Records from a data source
((
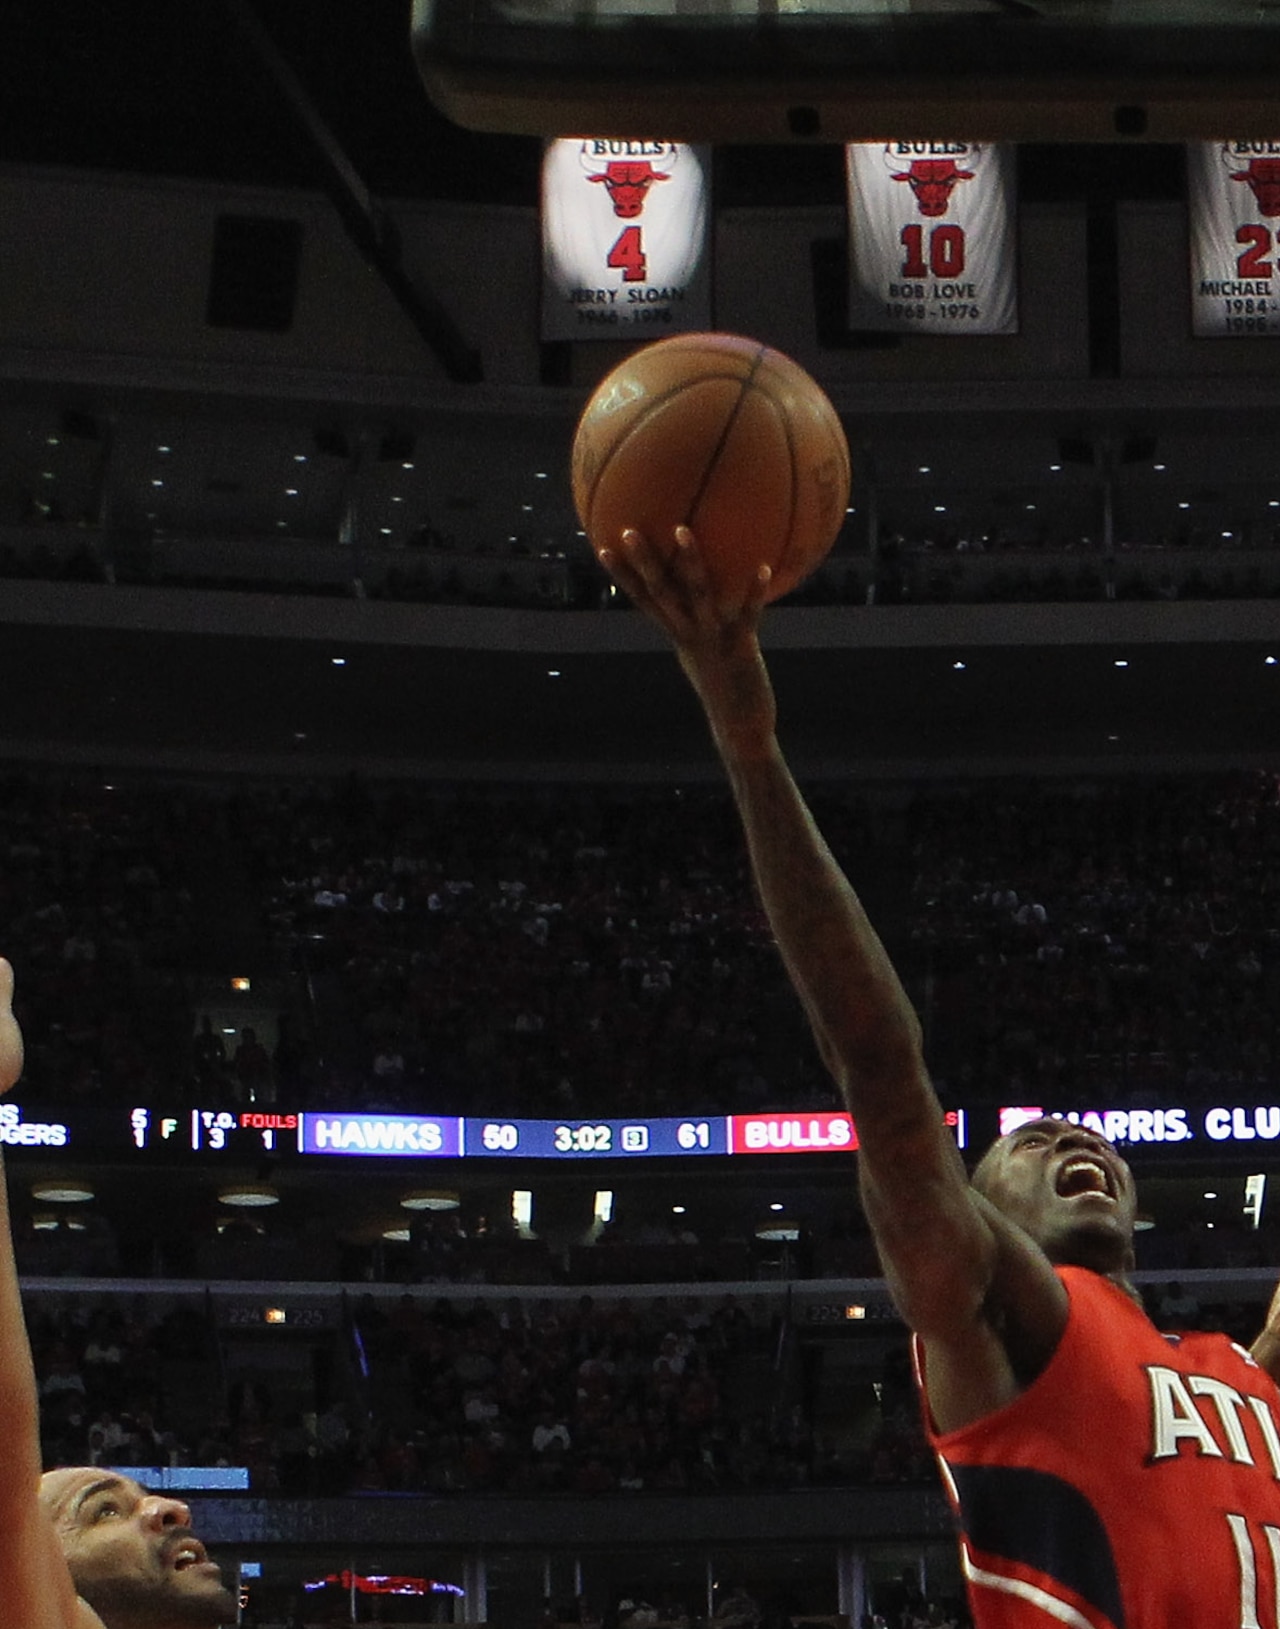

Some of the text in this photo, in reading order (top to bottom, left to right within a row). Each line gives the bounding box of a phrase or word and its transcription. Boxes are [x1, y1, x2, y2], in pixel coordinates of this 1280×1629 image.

[594, 140, 663, 154] BULLS
[607, 226, 646, 281] 4
[901, 224, 964, 277] 10
[571, 287, 684, 303] JERRY SLOAN
[889, 284, 976, 299] BOB LOVE
[1200, 280, 1271, 296] MICHAEL
[161, 1118, 177, 1139] F
[242, 1113, 298, 1128] FOULS
[0, 1123, 67, 1146] GERS
[208, 1129, 226, 1149] 3
[261, 1129, 274, 1150] 1
[315, 1120, 442, 1151] HAWKS
[482, 1124, 518, 1150] 50
[554, 1126, 612, 1151] 3:02
[677, 1122, 709, 1149] 61
[744, 1119, 852, 1148] BULLS
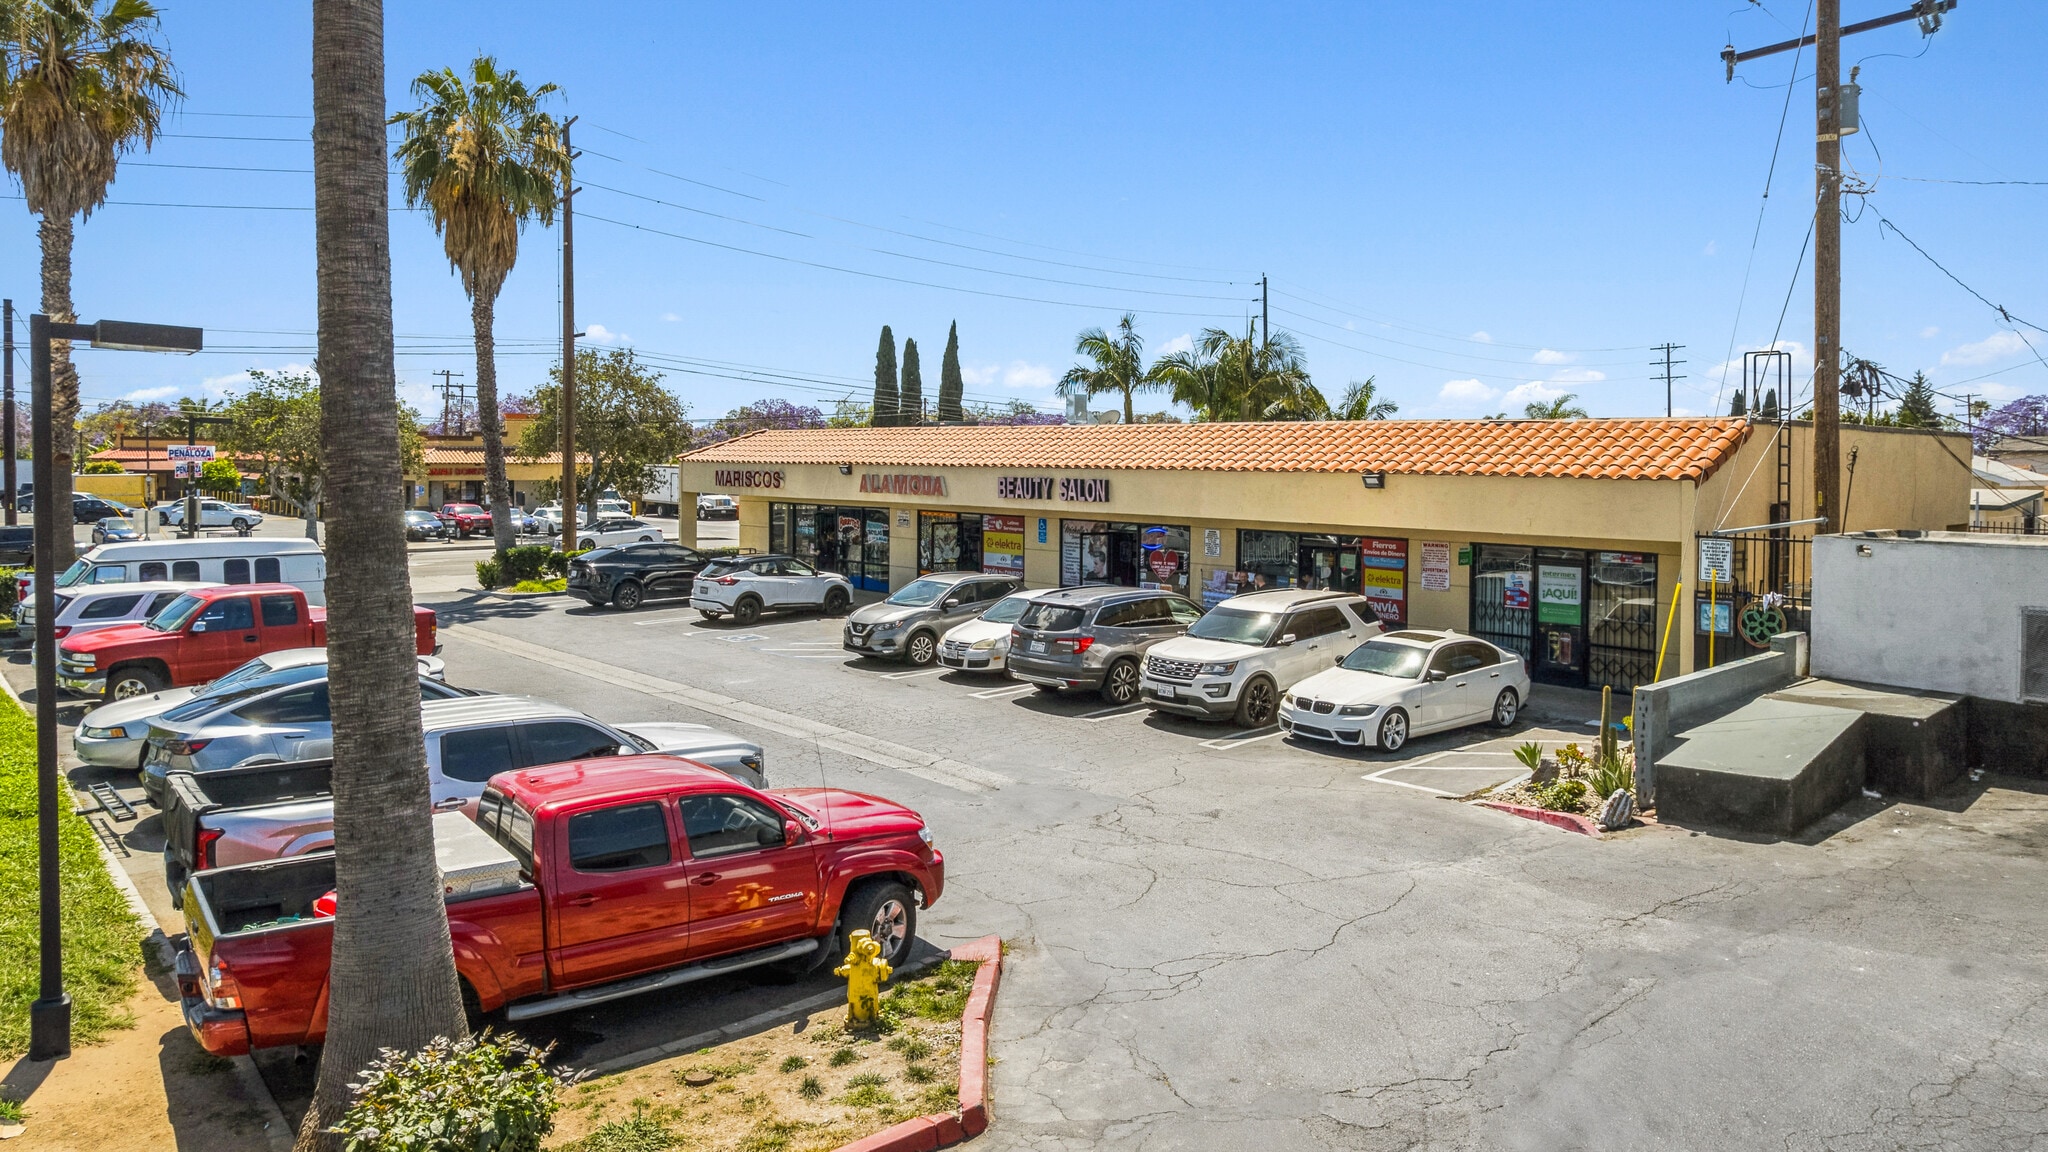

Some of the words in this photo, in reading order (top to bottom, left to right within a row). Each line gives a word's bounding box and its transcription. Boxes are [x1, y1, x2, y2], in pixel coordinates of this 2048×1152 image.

[715, 470, 783, 489] MARISCOS
[998, 477, 1053, 499] BEAUTY
[1059, 478, 1110, 502] SALON
[994, 538, 1022, 550] elektra
[1372, 541, 1397, 550] Fierros
[1375, 575, 1402, 585] elektra
[1542, 570, 1577, 579] intermex
[1542, 588, 1577, 600] ¡AQUÍ!
[768, 891, 804, 902] TACOMA
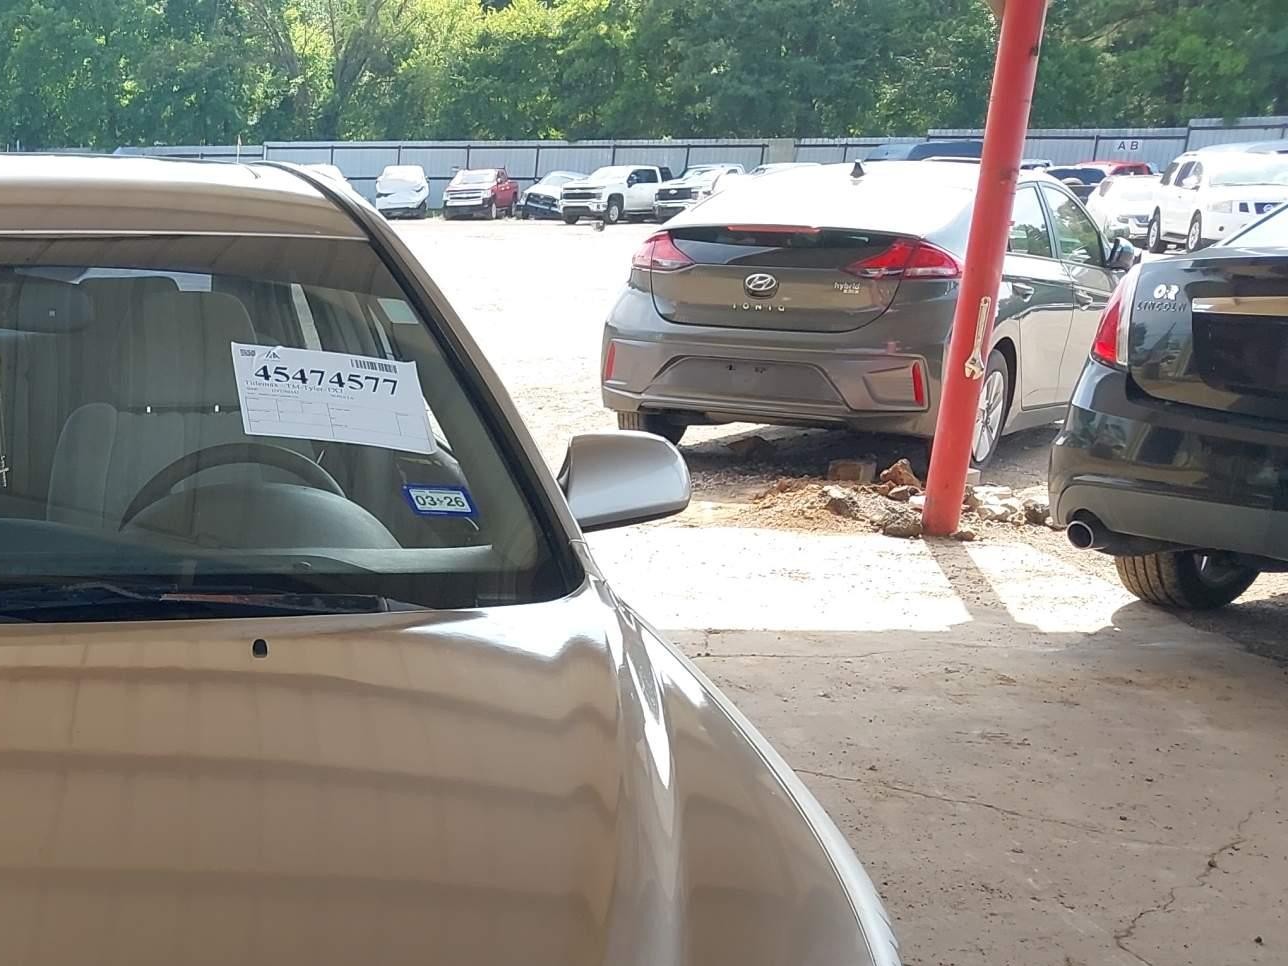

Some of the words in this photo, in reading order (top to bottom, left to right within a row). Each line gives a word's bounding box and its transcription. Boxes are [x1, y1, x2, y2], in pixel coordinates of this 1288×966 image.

[1118, 141, 1126, 150] A
[1130, 141, 1139, 150] B
[732, 302, 785, 311] IONIQ
[1136, 300, 1187, 312] LINCOLN
[254, 364, 398, 396] 45474577
))
■ WHAT THIS TASK INVOLVES ■
Output each record above exactly as it stands, excluding all pictures.

■ EXERCISE ANSWER ■
Some of the text in this photo, in reading order (top to bottom, left to right within a row). Each line gives the bounding box of a phrase or word and its transcription. Boxes are [x1, y1, x2, y2], in pixel coordinates of this 1280×1629 image.

[594, 140, 663, 154] BULLS
[607, 226, 646, 281] 4
[901, 224, 964, 277] 10
[571, 287, 684, 303] JERRY SLOAN
[889, 284, 976, 299] BOB LOVE
[1200, 280, 1271, 296] MICHAEL
[161, 1118, 177, 1139] F
[242, 1113, 298, 1128] FOULS
[0, 1123, 67, 1146] GERS
[208, 1129, 226, 1149] 3
[261, 1129, 274, 1150] 1
[315, 1120, 442, 1151] HAWKS
[482, 1124, 518, 1150] 50
[554, 1126, 612, 1151] 3:02
[677, 1122, 709, 1149] 61
[744, 1119, 852, 1148] BULLS

Some of the words in this photo, in reading order (top to bottom, left to right within a row). Each line gives a word's bounding box and its transcription. Boxes are [x1, y1, x2, y2], in pixel coordinates of this 2048×1152 image.

[715, 470, 783, 489] MARISCOS
[998, 477, 1053, 499] BEAUTY
[1059, 478, 1110, 502] SALON
[994, 538, 1022, 550] elektra
[1372, 541, 1397, 550] Fierros
[1375, 575, 1402, 585] elektra
[1542, 570, 1577, 579] intermex
[1542, 588, 1577, 600] ¡AQUÍ!
[768, 891, 804, 902] TACOMA

Some of the words in this photo, in reading order (top to bottom, left to right within a row). Each line gives a word's bounding box and its transcription. Boxes are [x1, y1, x2, y2], in pixel coordinates of this 1288×966 image.

[1118, 141, 1126, 150] A
[1130, 141, 1139, 150] B
[732, 302, 785, 311] IONIQ
[1136, 300, 1187, 312] LINCOLN
[254, 364, 398, 396] 45474577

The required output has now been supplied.